Adversarial Multi-Task Learning for Liver Tumor Segmentation, Dynamic Enhancement Regression, and Classification
Xiaojiao Xiao, Qinmin Vivian Hu, Tae Hyun Kim, Guanghui Wang
TL;DR
MTI-Net addresses the absence of an end-to-end framework for jointly analyzing liver tumors across structural, functional, and diagnostic dimensions. It introduces MdIEF for entropy-guided fusion of spatial and spectral high-frequency information, TIM for cross-task consistency between segmentation and regression, and TDD for adversarial alignment of regression and classification via a Transformer-based discriminator. A shallow Transformer handles sequence-level relations across four dynamic MRI phases. Evaluated on 238-subject data, MTI-Net achieves state-of-the-art performance across segmentation, regression, and classification, illustrating strong inter-task synergy and potential clinical impact.
Abstract
Liver tumor segmentation, dynamic enhancement regression, and classification are critical for clinical assessment and diagnosis. However, no prior work has attempted to achieve these tasks simultaneously in an end-to-end framework, primarily due to the lack of an effective framework that captures inter-task relevance for mutual improvement and the absence of a mechanism to extract dynamic MRI information effectively. To address these challenges, we propose the Multi-Task Interaction adversarial learning Network (MTI-Net), a novel integrated framework designed to tackle these tasks simultaneously. MTI-Net incorporates Multi-domain Information Entropy Fusion (MdIEF), which utilizes entropy-aware, high-frequency spectral information to effectively integrate features from both frequency and spectral domains, enhancing the extraction and utilization of dynamic MRI data. The network also introduces a task interaction module that establishes higher-order consistency between segmentation and regression, thus fostering inter-task synergy and improving overall performance. Additionally, we designed a novel task-driven discriminator (TDD) to capture internal high-order relationships between tasks.

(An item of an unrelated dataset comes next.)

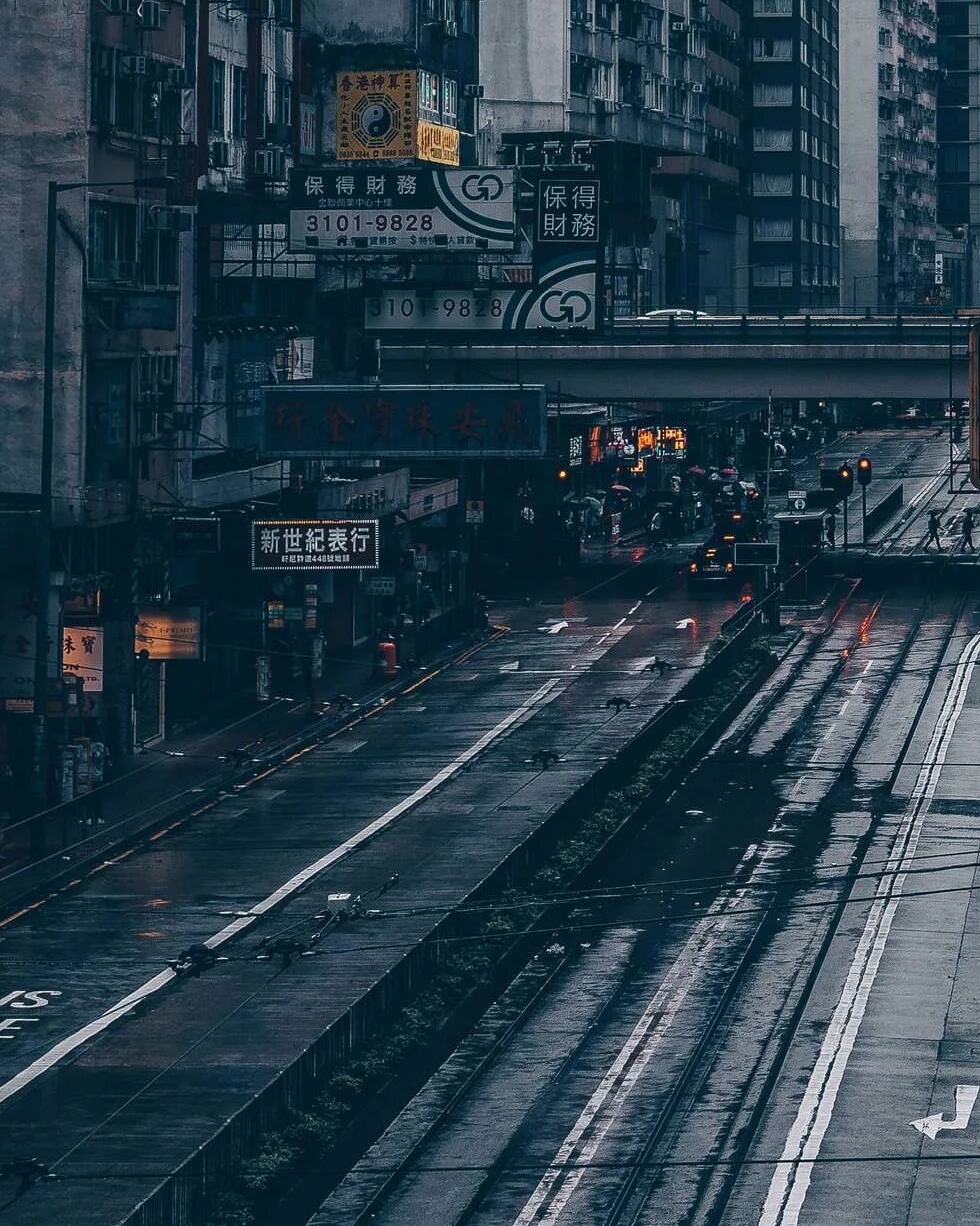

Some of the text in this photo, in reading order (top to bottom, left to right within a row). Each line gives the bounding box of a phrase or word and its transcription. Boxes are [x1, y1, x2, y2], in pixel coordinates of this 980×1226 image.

For dynamic MRI information extraction, we employ a shallow Transformer network to perform positional encoding, which captures the relationships within dynamic MRI sequences. In experiments on a dataset of 238 subjects, MTI-Net demonstrates high performance across multiple tasks, indicating its strong potential for assisting in the clinical assessment of liver tumors. The code is available at: https://github.com/xiaojiao929/MTI-Net.